Fig. 3. Phylogenetic tree of the 35 Klebsiella strains.

The tree was built using the protein sequences of 3009 families of the core genome of representative strains from the Klebsiella pneumoniae species complex. The first column determines the capsule locus type and the second column provides information about the environment from which it was isolated. The next columns indicate the total, “intact”, “questionable”, and “incomplete” prophages detected in the genomes by PHASTER. The last column shows the final absorbance of a culture after induction by mitomycin C. Background color indicates different Klebsiella spp. The size of the circles along the branches are proportional to bootstrap values ranging between 34 and 100. The gray color indicates other CLTs that are only present once in the dataset. The hash symbol represents the number of the strain in our collection and is used for simplicity throughout the text.

Fig. 4. Some Klebsiella encode viable prophages that can infect and lysogenize other strains.

a Infection matrix indicating the ability of induced and PEG-precipitated supernatants of all strains to form inhibition halos on lawns of all strains. This was repeated three times with three independently produced lysates. The sum of the three experiments is shown. The strains are ordered by phylogeny, and the colors on top of numbers indicate capsule locus types (CLT). Geometric figures along the x-axis indicate the LPS serotype (O-locus). Stars along the y-axis indicate that the genome codes for putative genes involved in colicin production but lacking a lysis gene (white) or has a full colicin operon (yellow). Shades of blue indicate infections between lysates produced by bacteria from the same CLT as the target bacteria, whereas shades of orange indicate cross-CLT infections. b–d Barplots indicate the number of resistant, sensitive, or lysogenized clones from each independent replicate population exposed 24 h to lysates from other strains. Each bar represents the 31 survivor clones from each of three independent experiments. Gray scale indicates whether: (i) the clones are still sensitive to the phage (light gray), (ii) they became resistant by becoming a lysogen (dark gray) as determined by cell death upon addition of MMC and PCR targeting prophage sequences, or (iii) they became resistant by other mechanisms.
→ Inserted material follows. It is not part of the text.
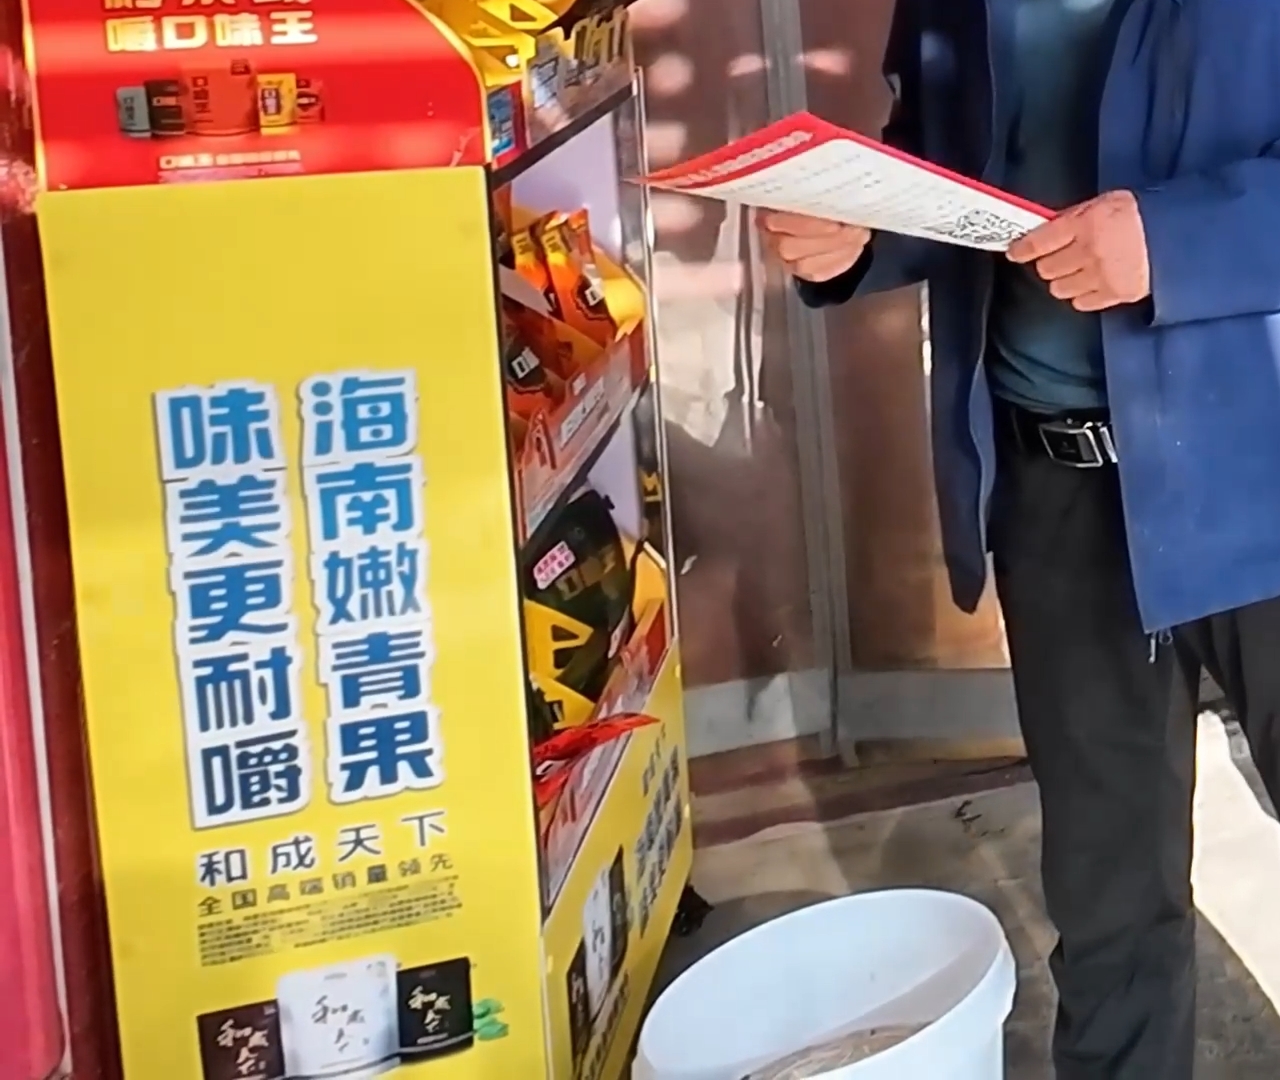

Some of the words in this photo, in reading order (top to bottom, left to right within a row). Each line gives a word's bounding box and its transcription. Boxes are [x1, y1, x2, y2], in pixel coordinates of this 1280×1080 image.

[168, 387, 302, 817] 味美更耐嚼
[311, 376, 435, 793] 海南嫩青果
[197, 853, 454, 918] 全国高端销量领先
[199, 810, 446, 888] 和成天下
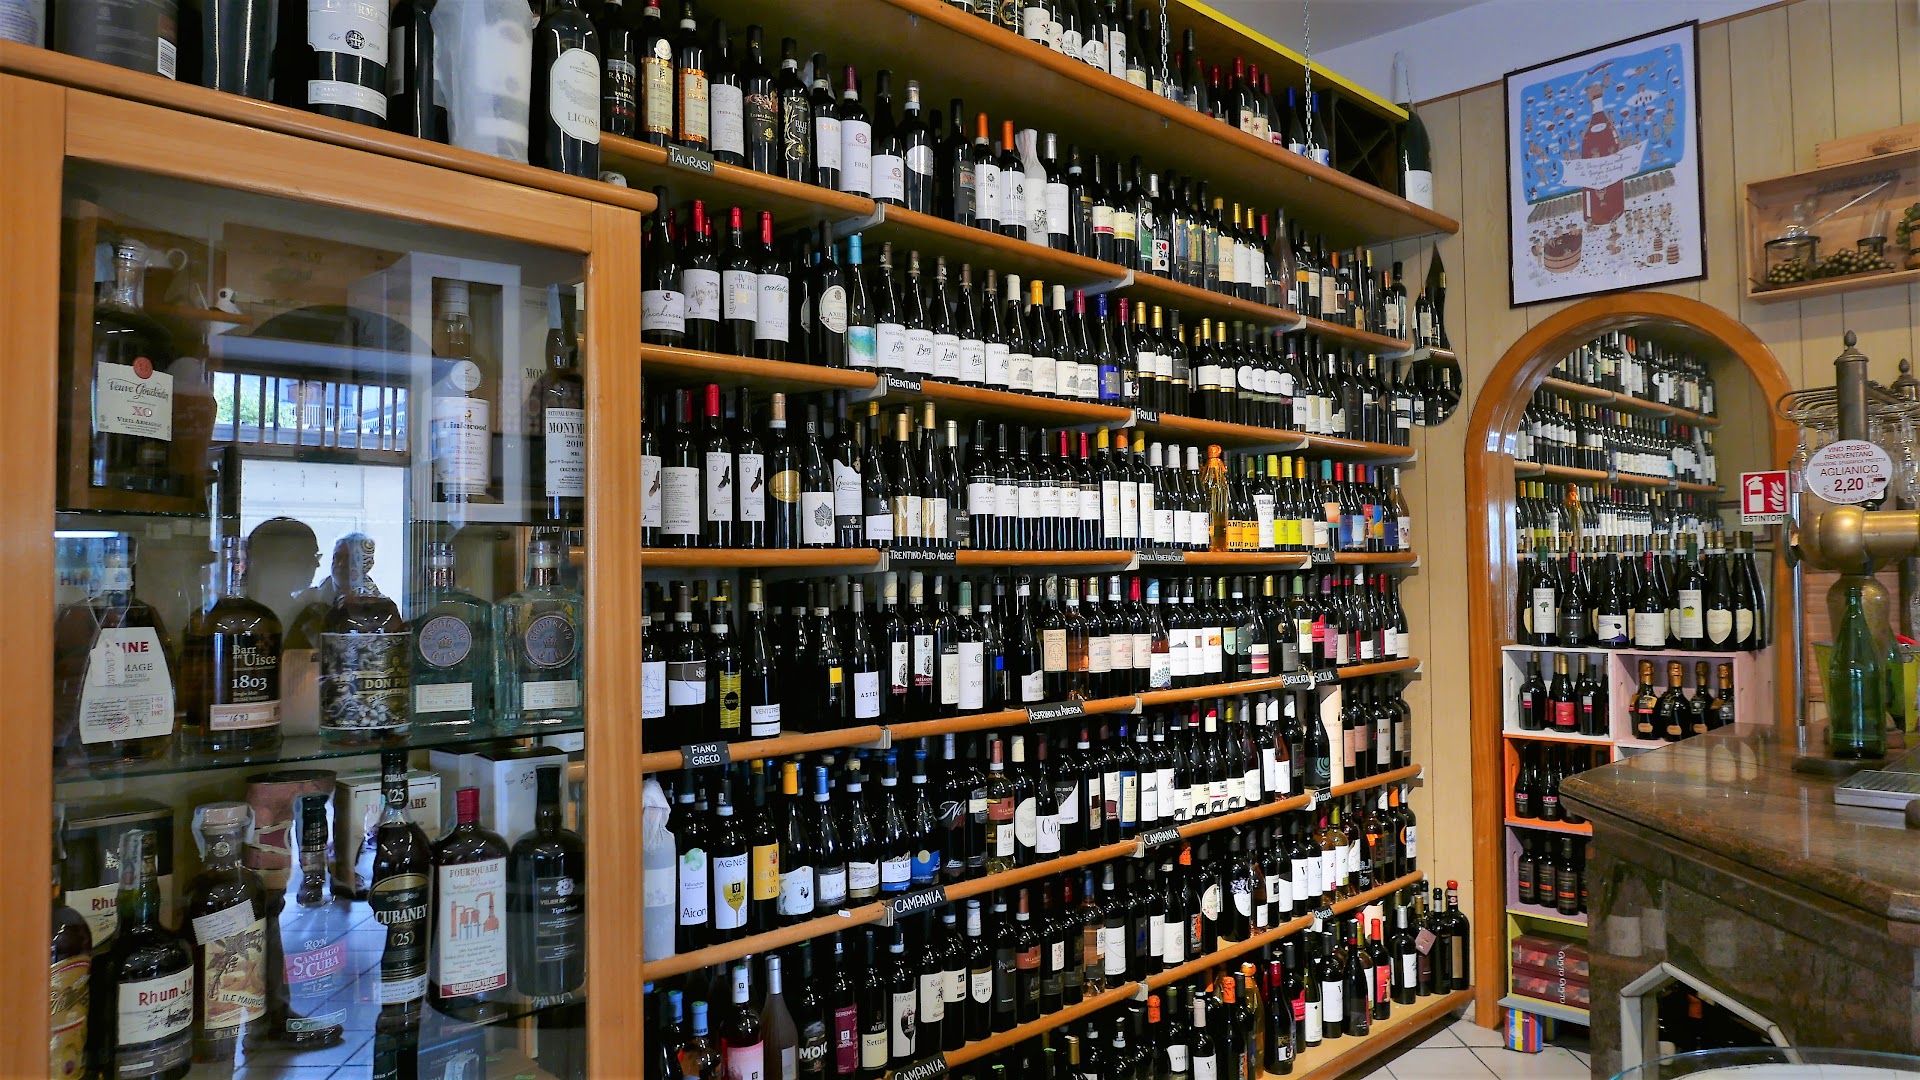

Fig. 5. The capsule is required for phage infection.

Lawns of different strains, wild type (Cap+) and capsule null mutant (Cap-) in contact with PEG-precipitated supernatant of other strains. Isogenic capsule mutants of strains #26 and #37 were constructed by an in-frame deletion of wza gene, and a wcaJ deletion for strains #57 and #58 (see Methods).

Fig. 6. Loss of capsule in three Klebsiella strains.

a Ratio of capsulated clones throughout the ten days before daily passages of each culture. Shades of green represent the different environments in which evolution took place. MMC stands for mitomycin C. Full lines represent the average of the independent populations of the same strain and environment (shades of green). Dashed lines represent each of the independent populations. b Area under the curve during the first five days of the experiment.